С огорода не бежит — вихрем вылетает Марьяна. Юбка из красной байки вьется вокруг ее легких босых ног, в волосах качается лохматенькая гвоздичка. Вот девушка махнула рукой, и во дворе сначала стихает рычание, а дальше успокаивается и барабан.
— Ой, Миша к нам пришел! — с такой радостью говорит Марьяна, словно я ее ближайший родственник. И глаза ее, голубые, с сизым туманом, мягко освещают меня, а руки поправляют мою рубашечку и картузик. Потом она посматривает на дом и тихо спрашивает: — Ты, может, Миша, есть хочешь?
— Нет, не хочу, — я чувствую, что краснею, и отвожу взгляд от Марьяны.
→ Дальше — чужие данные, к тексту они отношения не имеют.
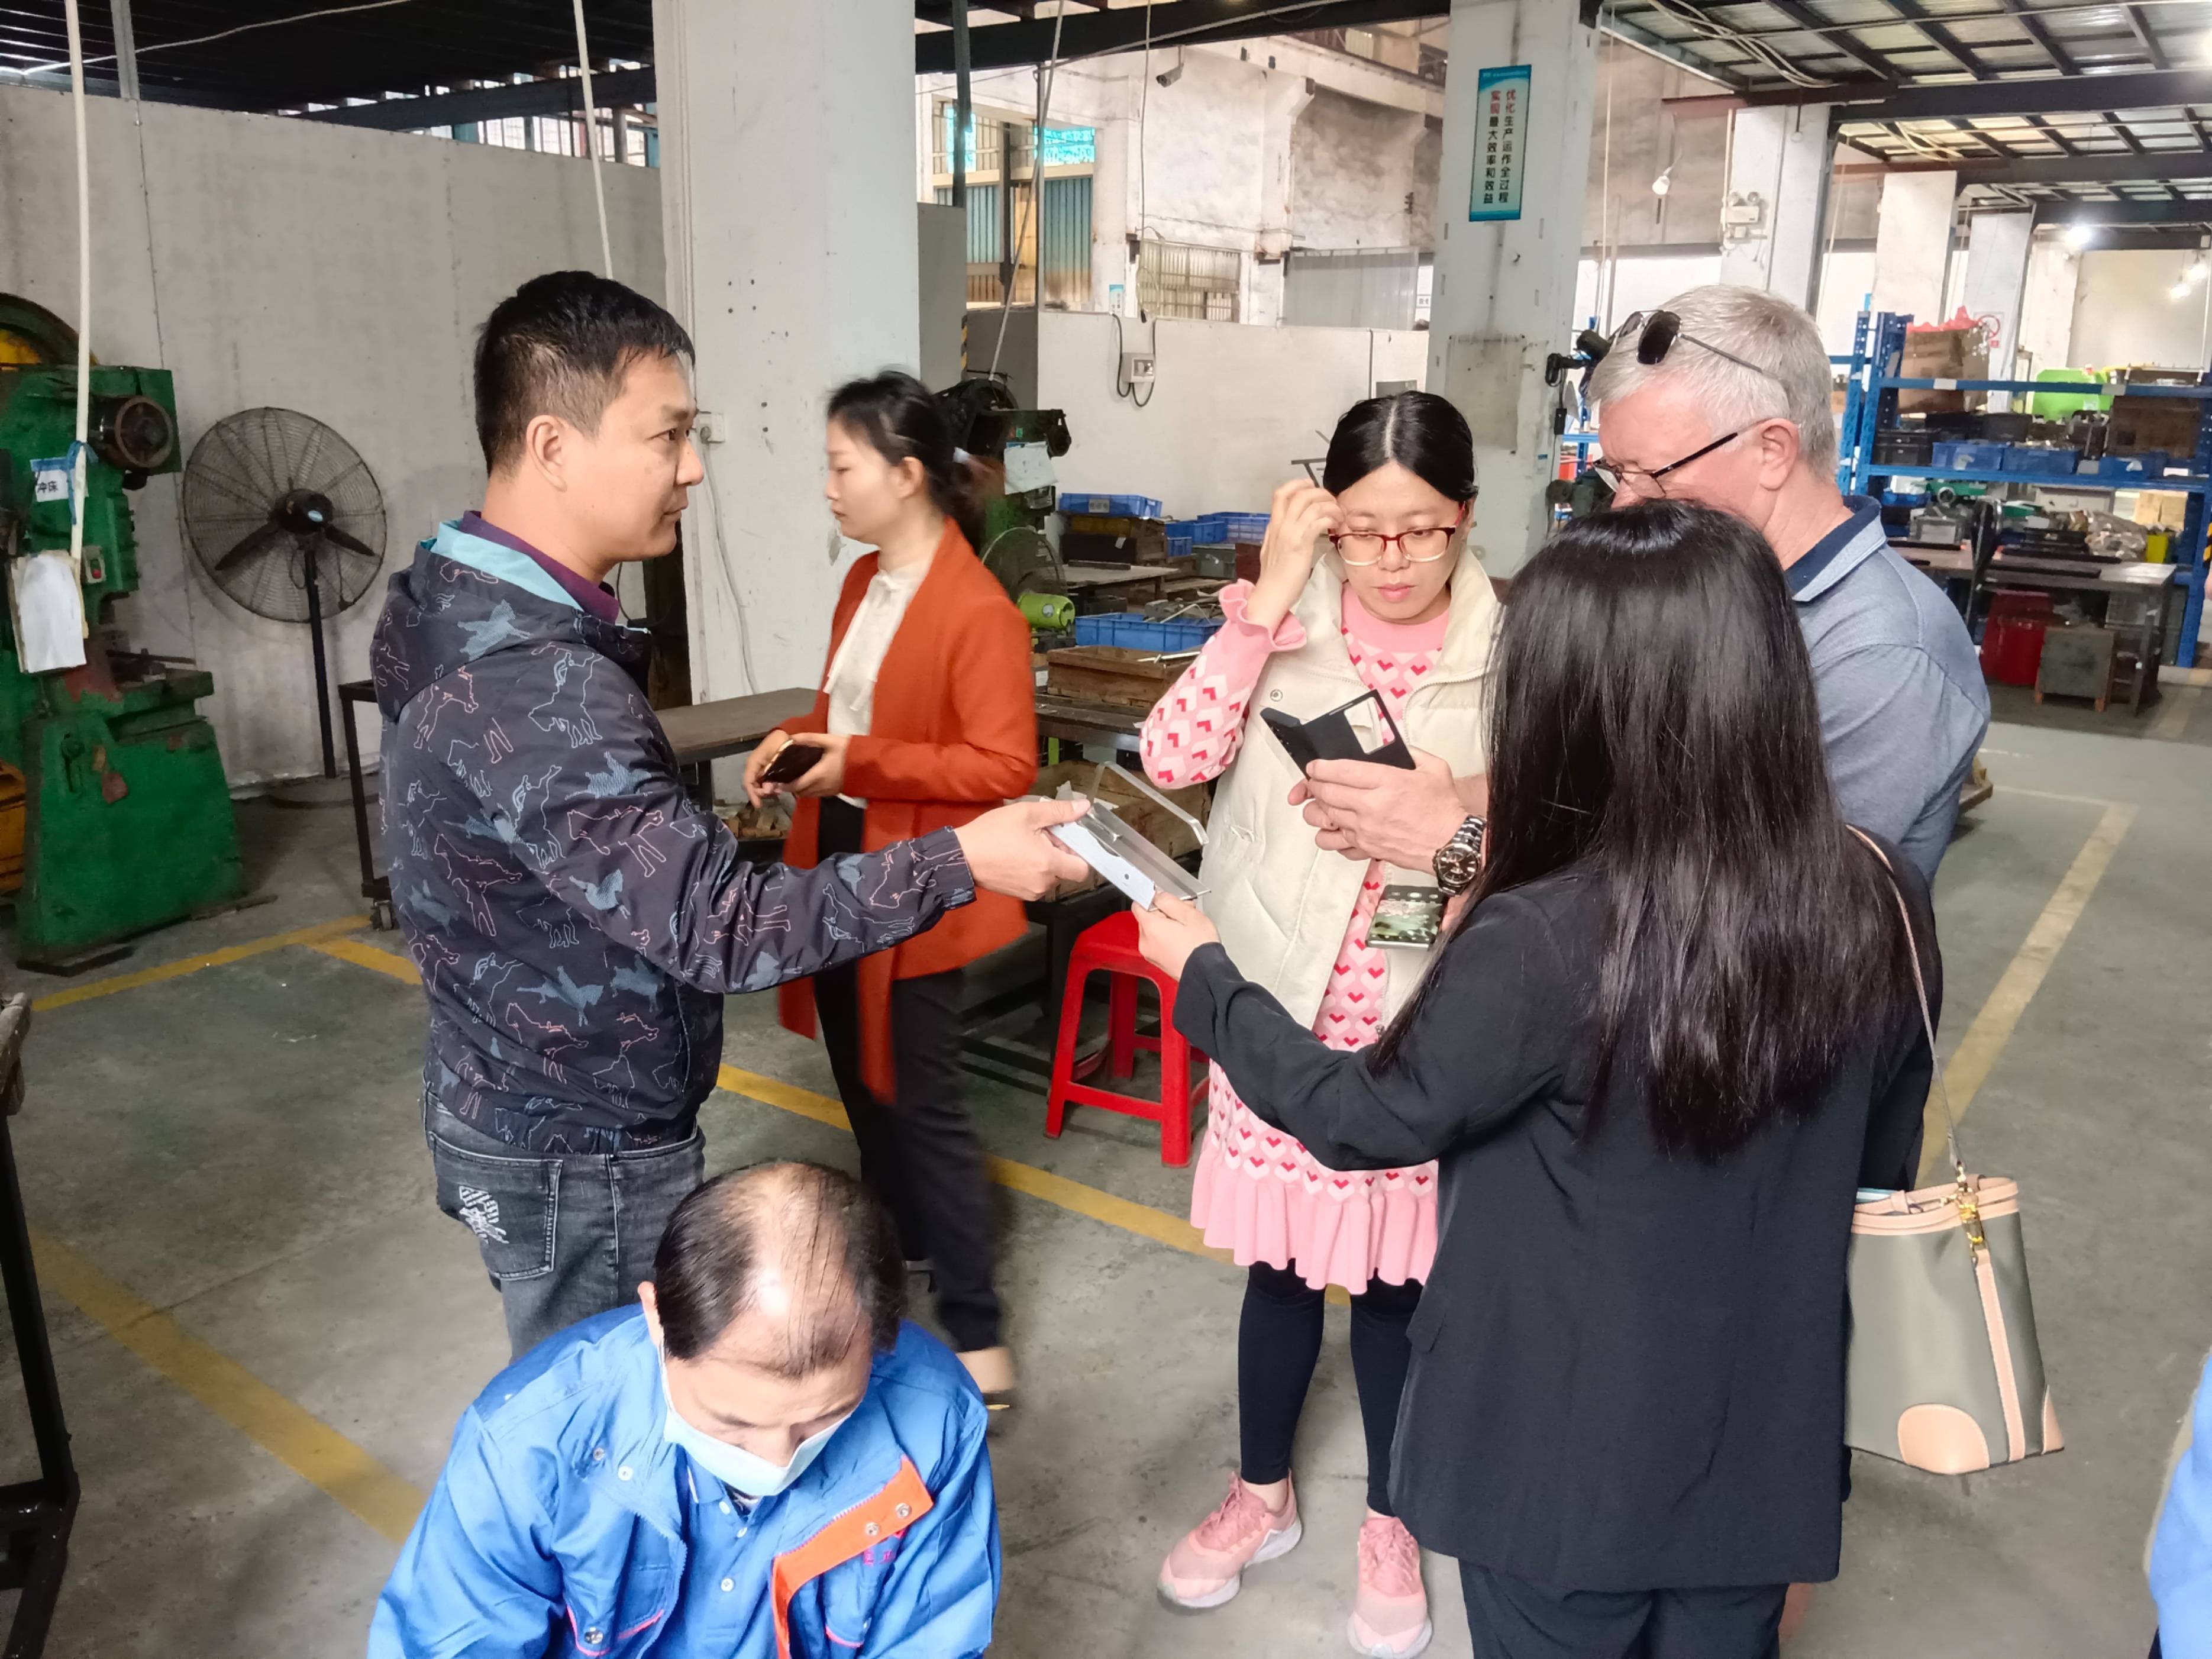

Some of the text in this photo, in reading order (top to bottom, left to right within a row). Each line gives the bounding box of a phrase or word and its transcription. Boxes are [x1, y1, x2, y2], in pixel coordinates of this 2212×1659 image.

— Не стесняйся, глупенький, — приближаются ко мне черные веночки ресниц, а под ними лежат и глубокая степная даль, и такая доброта, которую вовек не забудешь.
— Я не стыжусь, Марьяна… Ты не подумай. Я уже обедал, и так начесночился…
— Начесночился? — смеется девушка. — Ой горе мое: нашел чем похвастаться.
Теперь я веселею:
— Таки есть чем: у нас головки чеснока прямо как у меня кулаки.
— Чтобы еще сало к нему было.
— И сало у нас есть борщ толченным заправить.
— Чем не богачи, — печалится Марьянино лицо. — Тебя мать ко мне прислали?